PROBLEM TO WORK ON: Text in the records must be reproduced exactly, and pictures must be skipped.

GIVEN DATA:
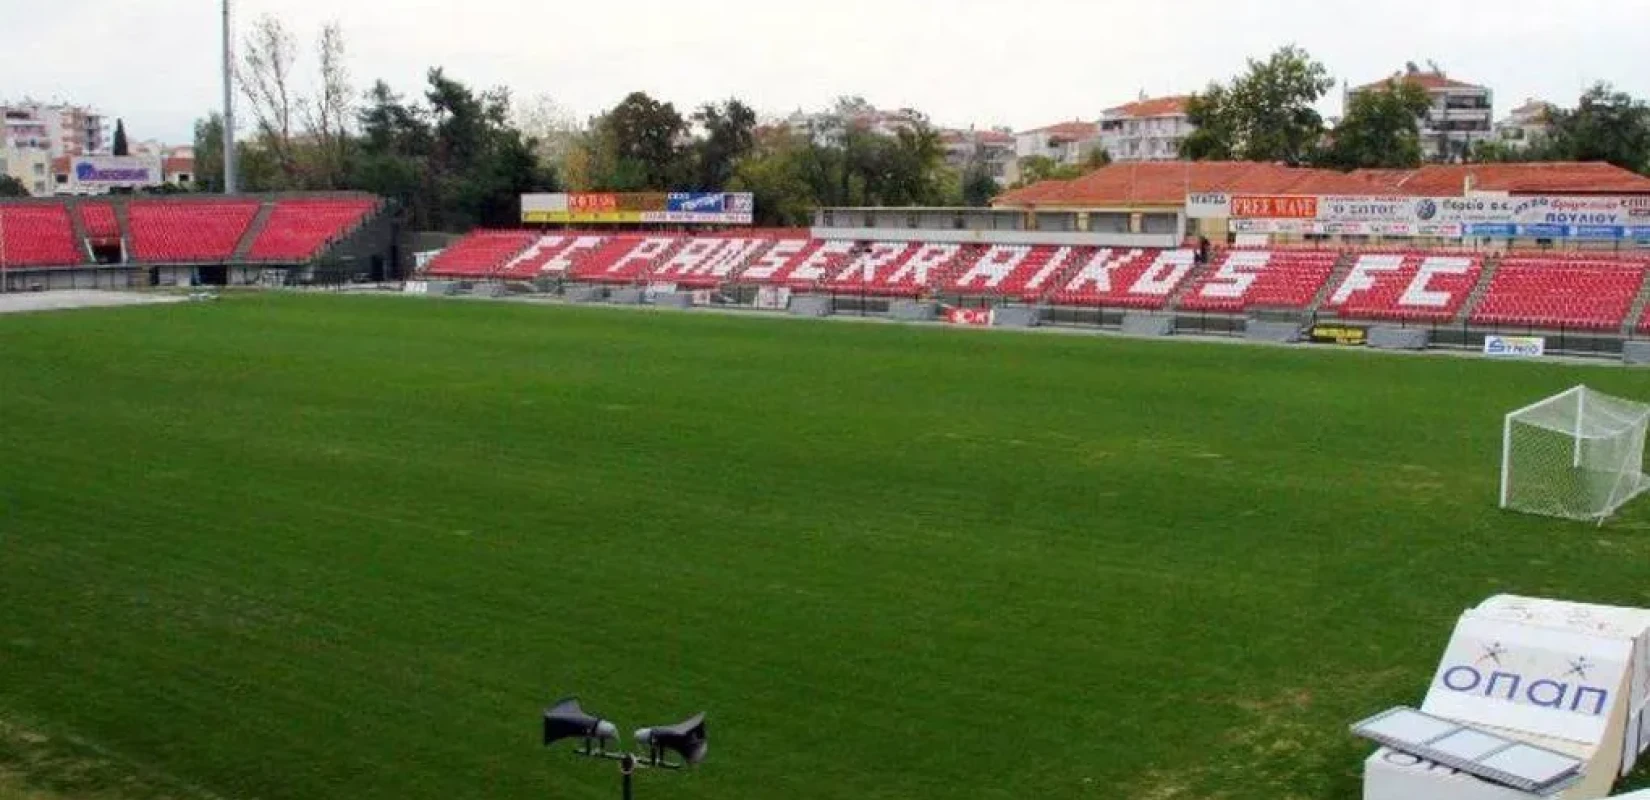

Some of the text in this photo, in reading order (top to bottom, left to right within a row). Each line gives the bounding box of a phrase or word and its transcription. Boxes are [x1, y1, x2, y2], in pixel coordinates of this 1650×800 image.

[1233, 198, 1271, 216] FREE
[1275, 198, 1316, 217] WAVE
[1546, 212, 1617, 224] ΠΟΥΛΙΟΥ
[504, 235, 1474, 307] FC PANSERRAIKOS FC
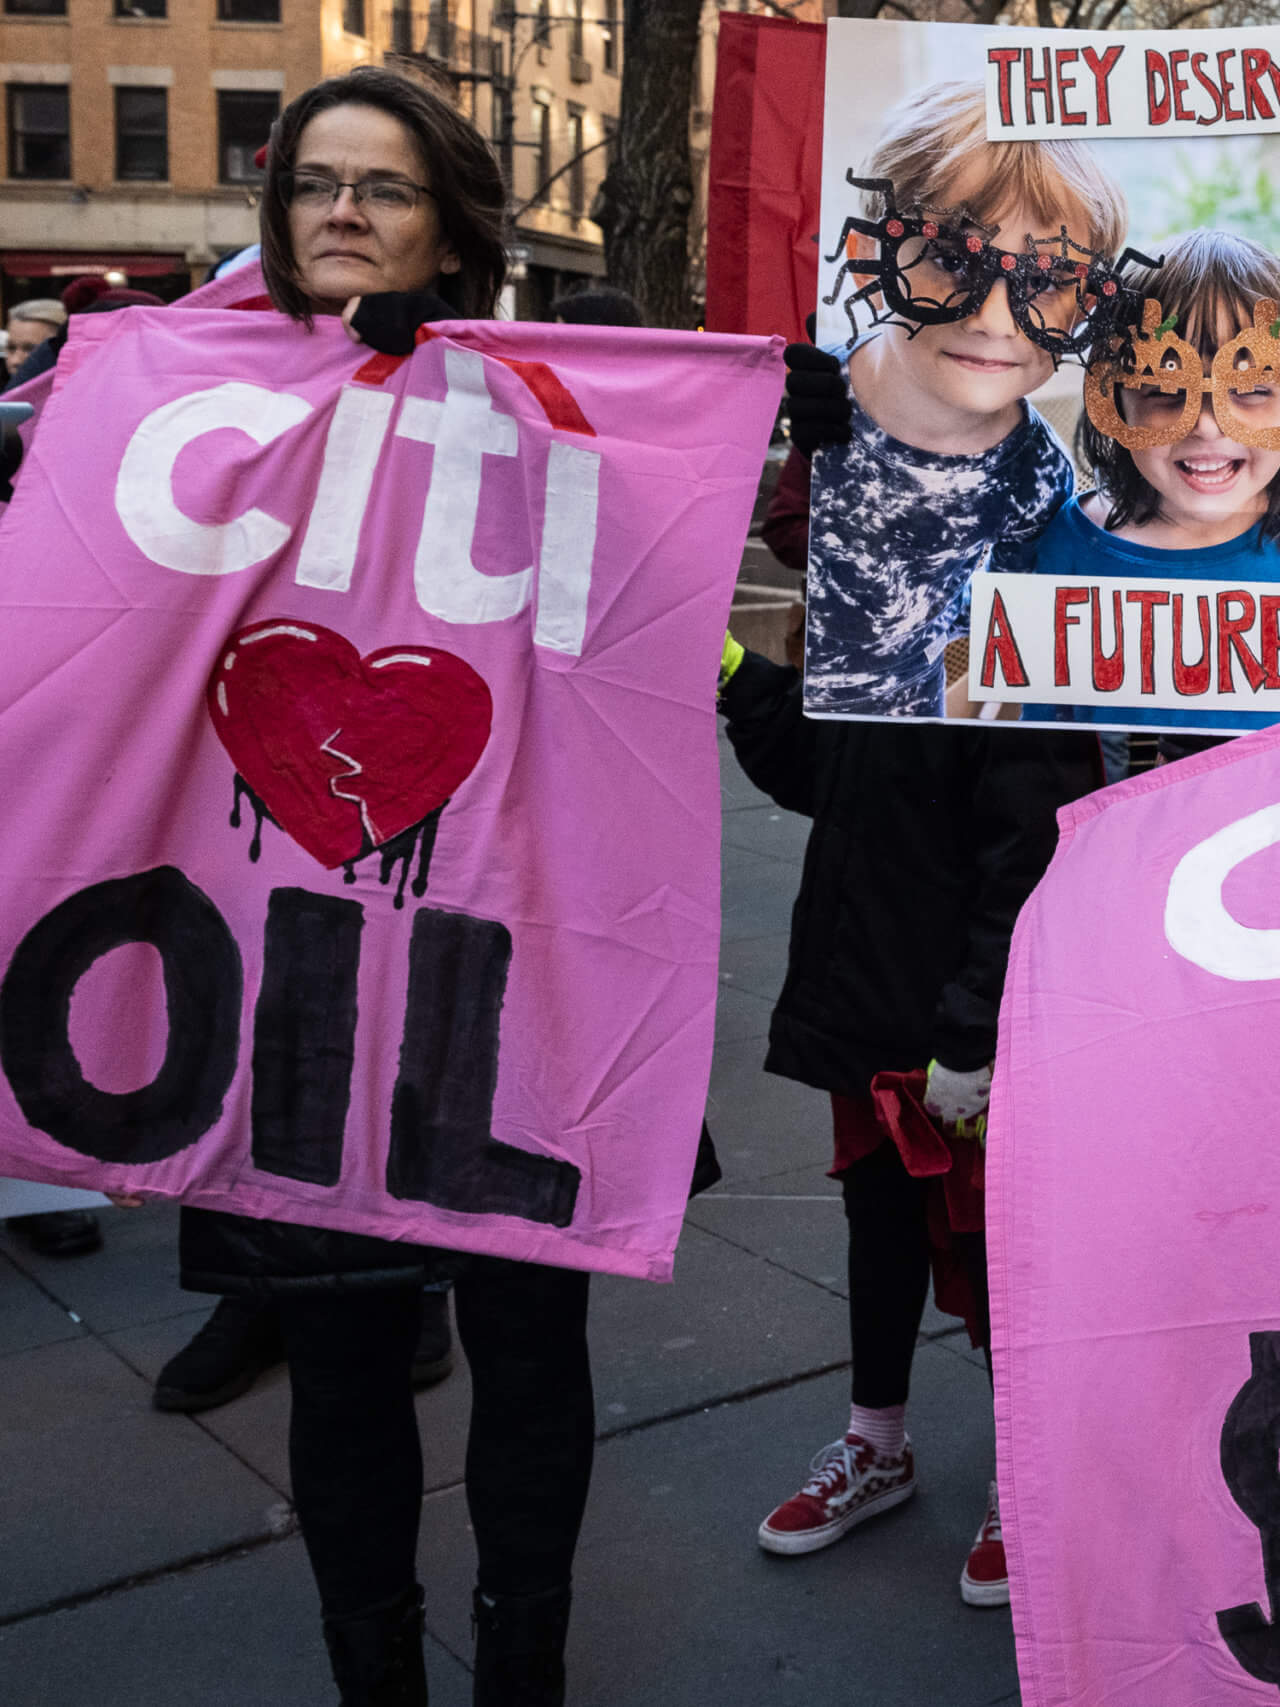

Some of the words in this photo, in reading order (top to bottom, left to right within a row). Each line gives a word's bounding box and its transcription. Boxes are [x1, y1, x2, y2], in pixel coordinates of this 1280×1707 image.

[987, 45, 1125, 127] THEY
[115, 348, 600, 656] citi
[979, 587, 1028, 689] A
[0, 864, 582, 1227] OIL
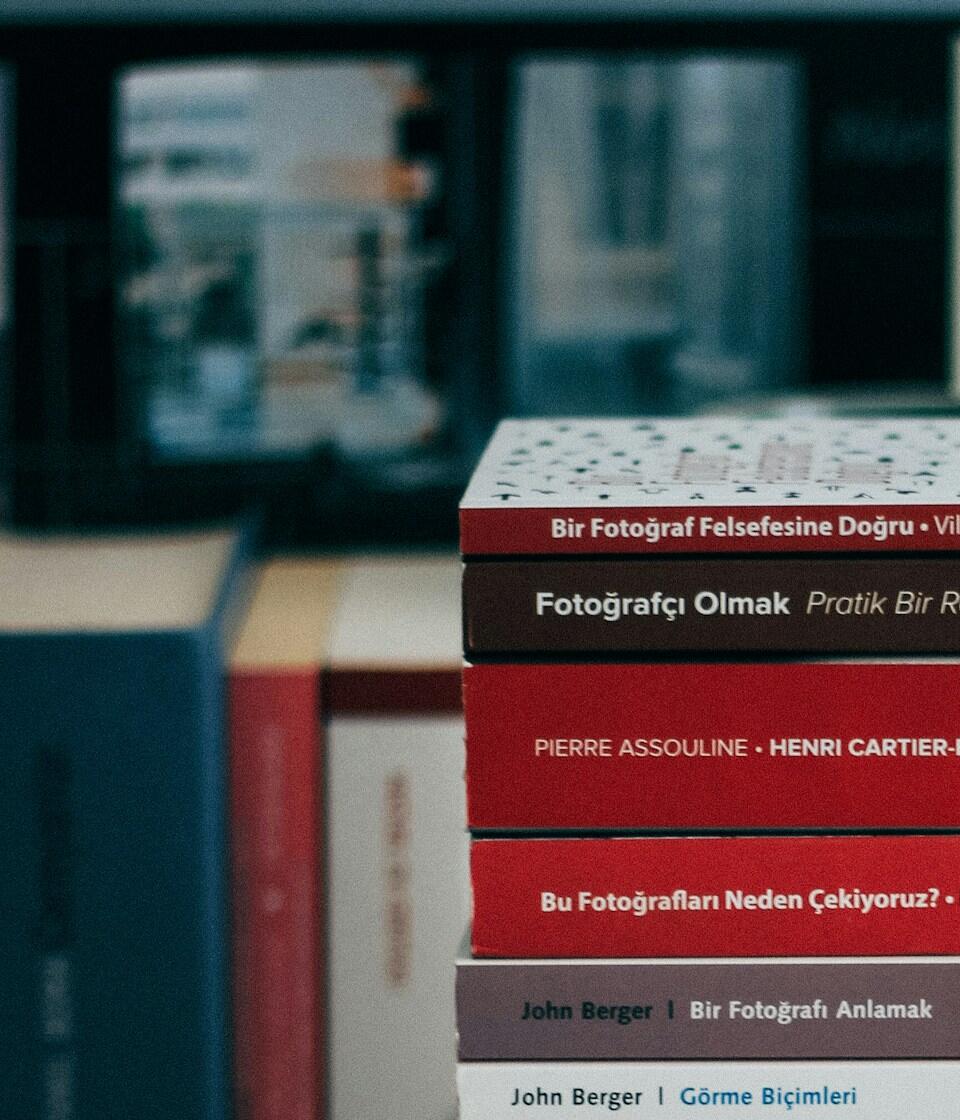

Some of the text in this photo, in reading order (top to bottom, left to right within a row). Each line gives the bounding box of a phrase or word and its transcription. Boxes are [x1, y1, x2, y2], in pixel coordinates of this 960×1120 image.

[551, 517, 586, 539] Bir
[590, 515, 696, 544] Fotoğraf
[699, 515, 834, 537] Felsefesine
[838, 515, 915, 542] Doğru
[536, 591, 686, 622] Fotoğrafçı
[693, 590, 791, 616] Olmak
[806, 590, 888, 616] Pratik
[894, 590, 934, 615] Bir
[534, 737, 612, 758] PIERRE
[618, 737, 748, 758] ASSOULINE
[769, 737, 842, 757] HENRI
[540, 891, 573, 913] Bu
[577, 888, 720, 917] Fotoğrafları
[724, 888, 804, 910] Neden
[807, 887, 941, 915] Çekiyoruz?
[520, 998, 933, 1026] John Berger Bir Fotoğrafı Anlamak
[511, 1085, 857, 1112] John Berger Görme Biçimleri
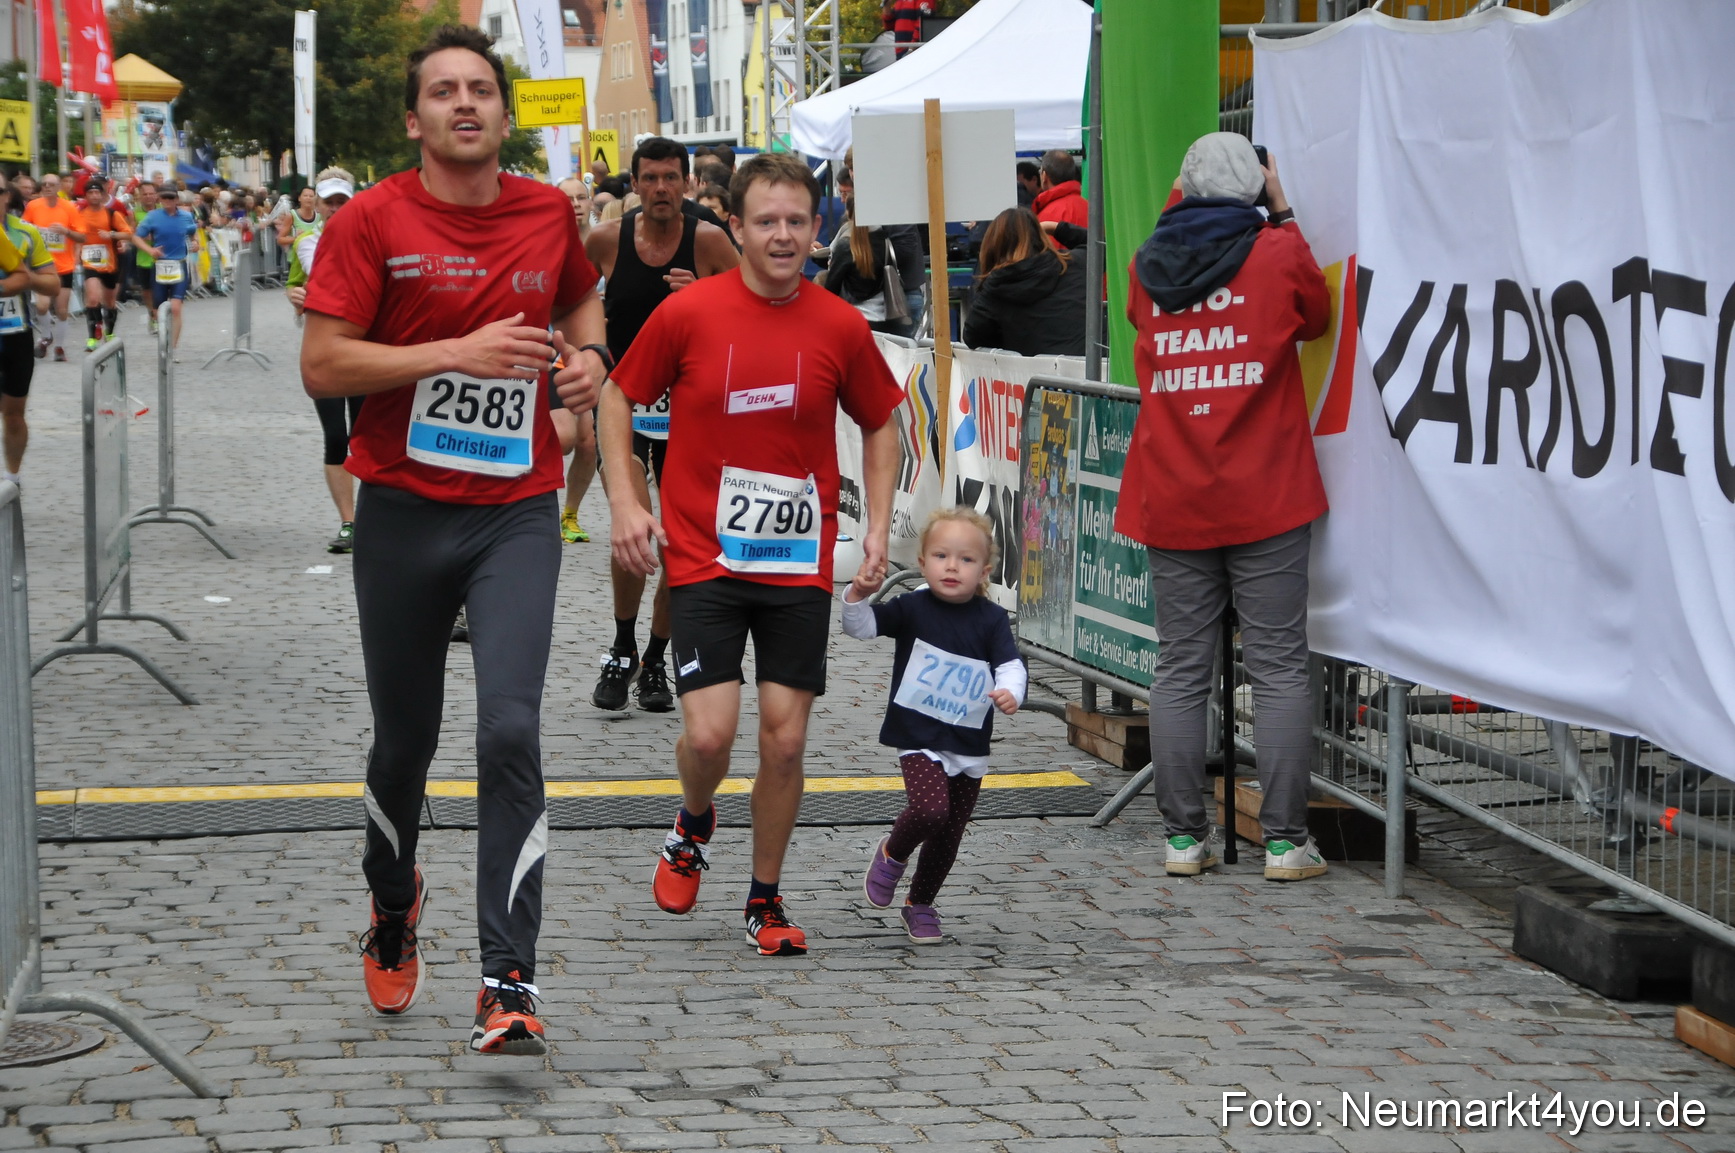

ANSWER SECTION:
Some of the text in this photo, in reading order (top to bottom, left to right within a row). Each line gives the bounding box of a phrase or word and its transcription. Boxes are [x1, y1, x2, y2], in pixel coordinates of this 1650×800 image.

[1233, 198, 1271, 216] FREE
[1275, 198, 1316, 217] WAVE
[1546, 212, 1617, 224] ΠΟΥΛΙΟΥ
[504, 235, 1474, 307] FC PANSERRAIKOS FC

Some of the words in this photo, in reading order (top to bottom, left to right within a row). Each line gives a word's bounding box and its transcription. Boxes are [x1, y1, x2, y2], in pixel coordinates of this 1280×1707 image.

[987, 45, 1125, 127] THEY
[115, 348, 600, 656] citi
[979, 587, 1028, 689] A
[0, 864, 582, 1227] OIL

Some of the text in this photo, in reading order (top to bottom, left to right within a row). Each line gives the bounding box of a phrase or word and its transcription. Boxes are [x1, y1, x2, y2], in pixel coordinates of this 960×1120 image.

[551, 517, 586, 539] Bir
[590, 515, 696, 544] Fotoğraf
[699, 515, 834, 537] Felsefesine
[838, 515, 915, 542] Doğru
[536, 591, 686, 622] Fotoğrafçı
[693, 590, 791, 616] Olmak
[806, 590, 888, 616] Pratik
[894, 590, 934, 615] Bir
[534, 737, 612, 758] PIERRE
[618, 737, 748, 758] ASSOULINE
[769, 737, 842, 757] HENRI
[540, 891, 573, 913] Bu
[577, 888, 720, 917] Fotoğrafları
[724, 888, 804, 910] Neden
[807, 887, 941, 915] Çekiyoruz?
[520, 998, 933, 1026] John Berger Bir Fotoğrafı Anlamak
[511, 1085, 857, 1112] John Berger Görme Biçimleri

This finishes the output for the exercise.